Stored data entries
──────────

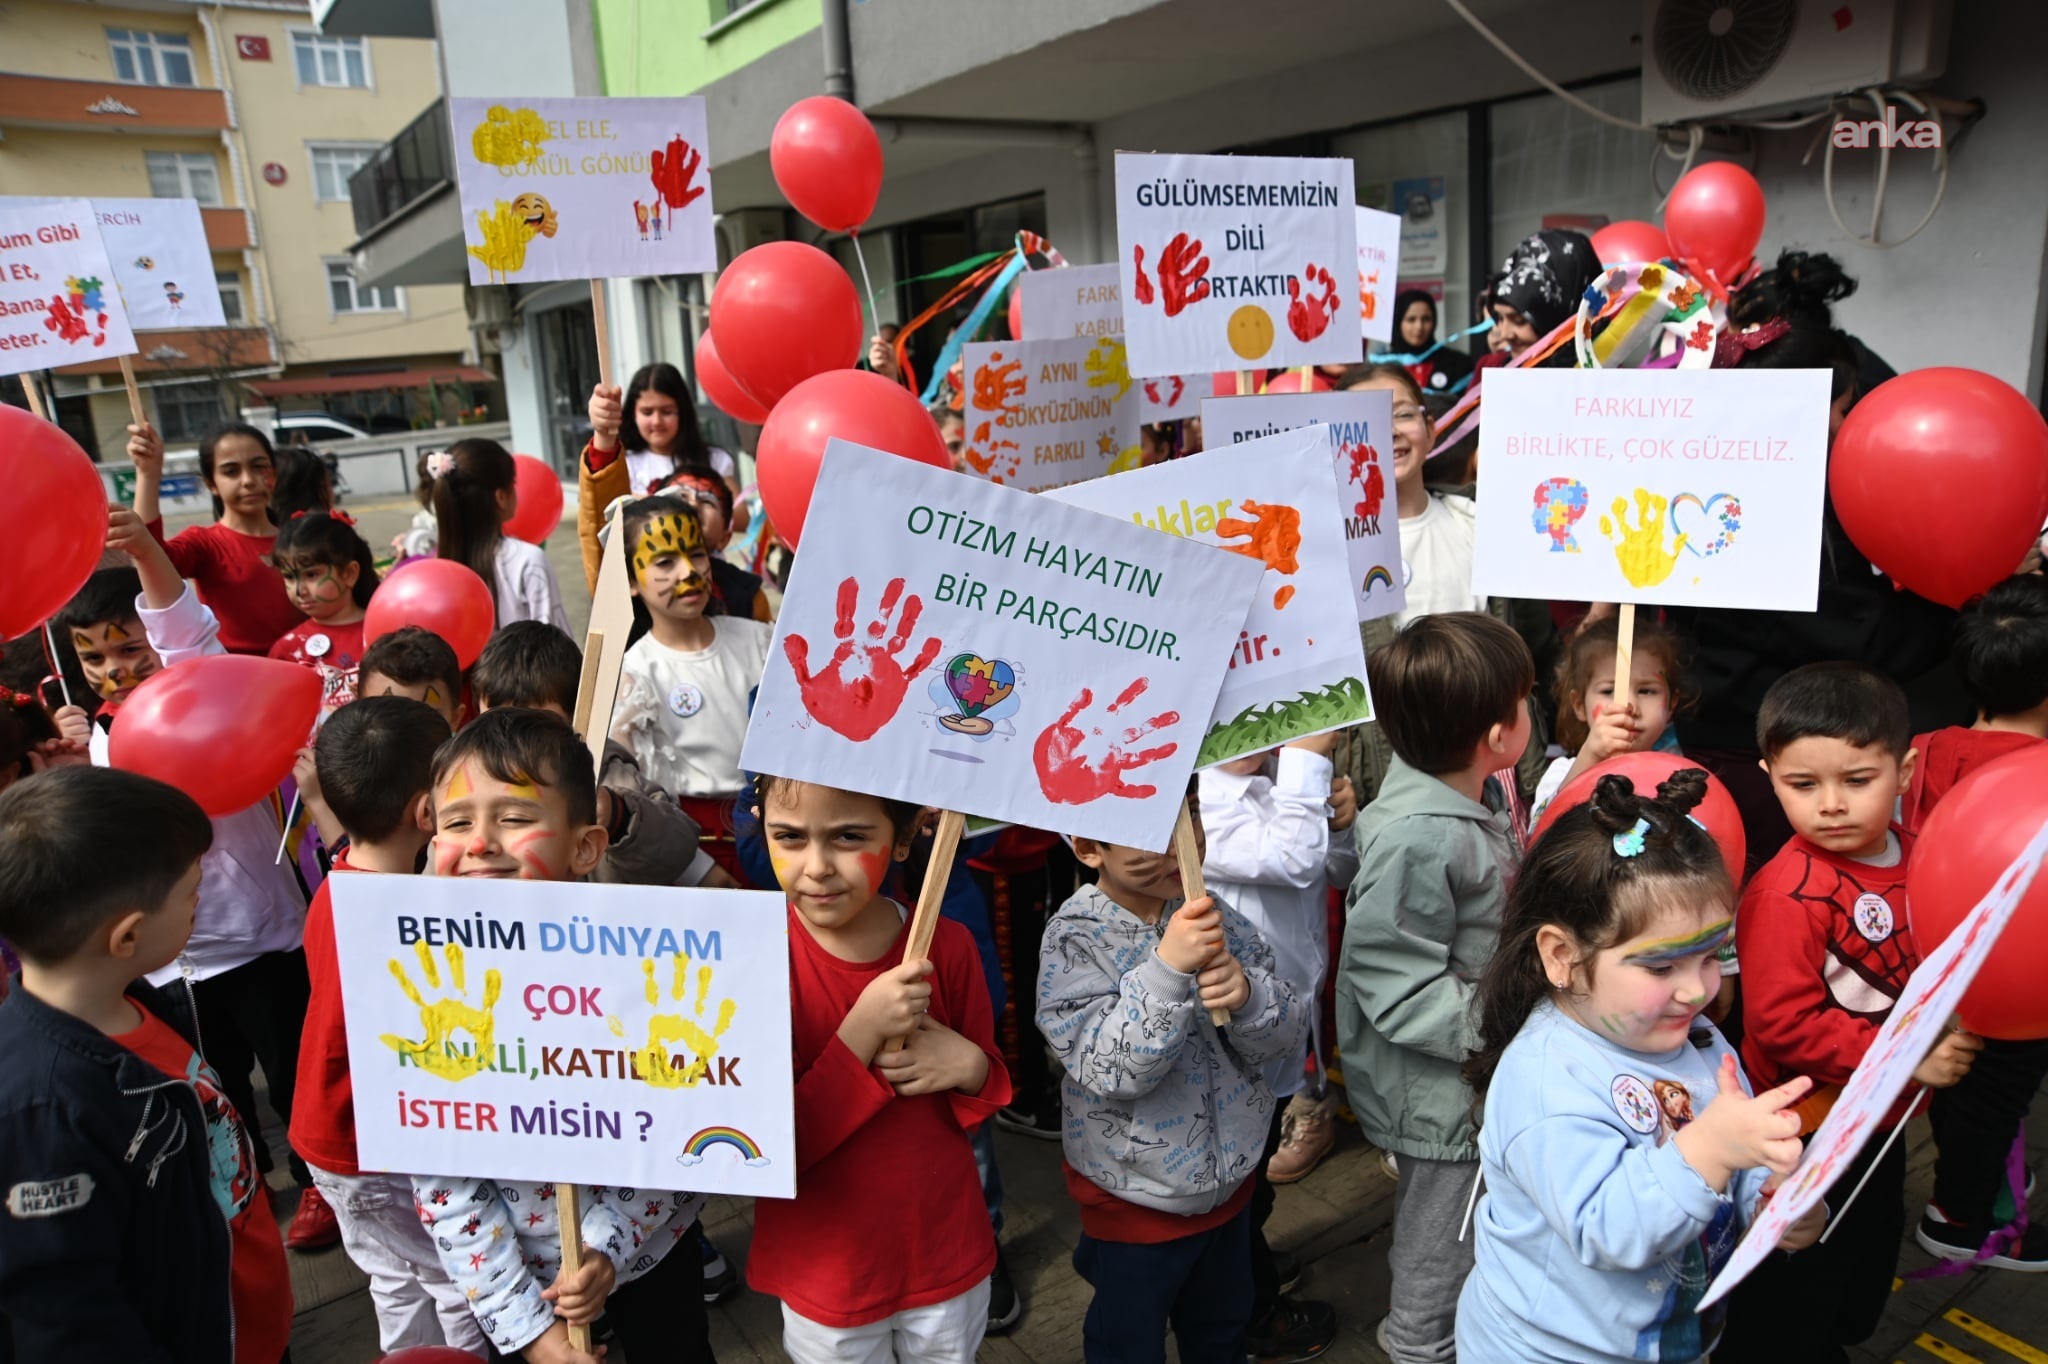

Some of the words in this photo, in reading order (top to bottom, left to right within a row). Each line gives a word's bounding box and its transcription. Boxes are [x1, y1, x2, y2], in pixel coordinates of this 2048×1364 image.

[577, 119, 618, 141] ELE,
[1136, 178, 1339, 208] GÜLÜMSEMEMİZİN
[36, 223, 80, 244] Gibi
[1225, 223, 1265, 251] DİLİ
[8, 263, 40, 281] Et,
[1040, 361, 1078, 384] AYNI
[1003, 397, 1113, 428] GÖKYÜZÜNÜN
[1574, 397, 1695, 419] FARKLIYIZ
[1033, 440, 1085, 465] FARKLI
[1505, 433, 1615, 460] BİRLİKTE,
[1623, 437, 1676, 463] ÇOK
[1682, 435, 1796, 463] GÜZELİZ.
[907, 505, 1017, 558] OTİZM
[1023, 536, 1163, 598] HAYATIN
[934, 572, 988, 611] BİR
[995, 589, 1182, 662] PARÇASIDIR.
[397, 911, 526, 951] BENİM
[538, 915, 722, 961] DÜNYAM
[523, 983, 603, 1021] ÇOK
[397, 1091, 499, 1132] İSTER
[510, 1100, 622, 1139] MİSİN
[633, 1111, 654, 1142] ?
[1163, 1144, 1187, 1165] COOL
[20, 1178, 80, 1198] HUSTLE
[21, 1191, 79, 1212] HEART

──────────

- [TASK INSTRUCTIONS] Your copy must repeat the data word for word and show none of its images.

- [WORKED SOLUTION]
Some of the words in this photo, in reading order (top to bottom, left to right within a row). Each line gives a word's bounding box and its transcription. Boxes are [x1, y1, x2, y2], in pixel coordinates of this 2048×1364 image.

[577, 119, 618, 141] ELE,
[1136, 178, 1339, 208] GÜLÜMSEMEMİZİN
[36, 223, 80, 244] Gibi
[1225, 223, 1265, 251] DİLİ
[8, 263, 40, 281] Et,
[1040, 361, 1078, 384] AYNI
[1003, 397, 1113, 428] GÖKYÜZÜNÜN
[1574, 397, 1695, 419] FARKLIYIZ
[1033, 440, 1085, 465] FARKLI
[1505, 433, 1615, 460] BİRLİKTE,
[1623, 437, 1676, 463] ÇOK
[1682, 435, 1796, 463] GÜZELİZ.
[907, 505, 1017, 558] OTİZM
[1023, 536, 1163, 598] HAYATIN
[934, 572, 988, 611] BİR
[995, 589, 1182, 662] PARÇASIDIR.
[397, 911, 526, 951] BENİM
[538, 915, 722, 961] DÜNYAM
[523, 983, 603, 1021] ÇOK
[397, 1091, 499, 1132] İSTER
[510, 1100, 622, 1139] MİSİN
[633, 1111, 654, 1142] ?
[1163, 1144, 1187, 1165] COOL
[20, 1178, 80, 1198] HUSTLE
[21, 1191, 79, 1212] HEART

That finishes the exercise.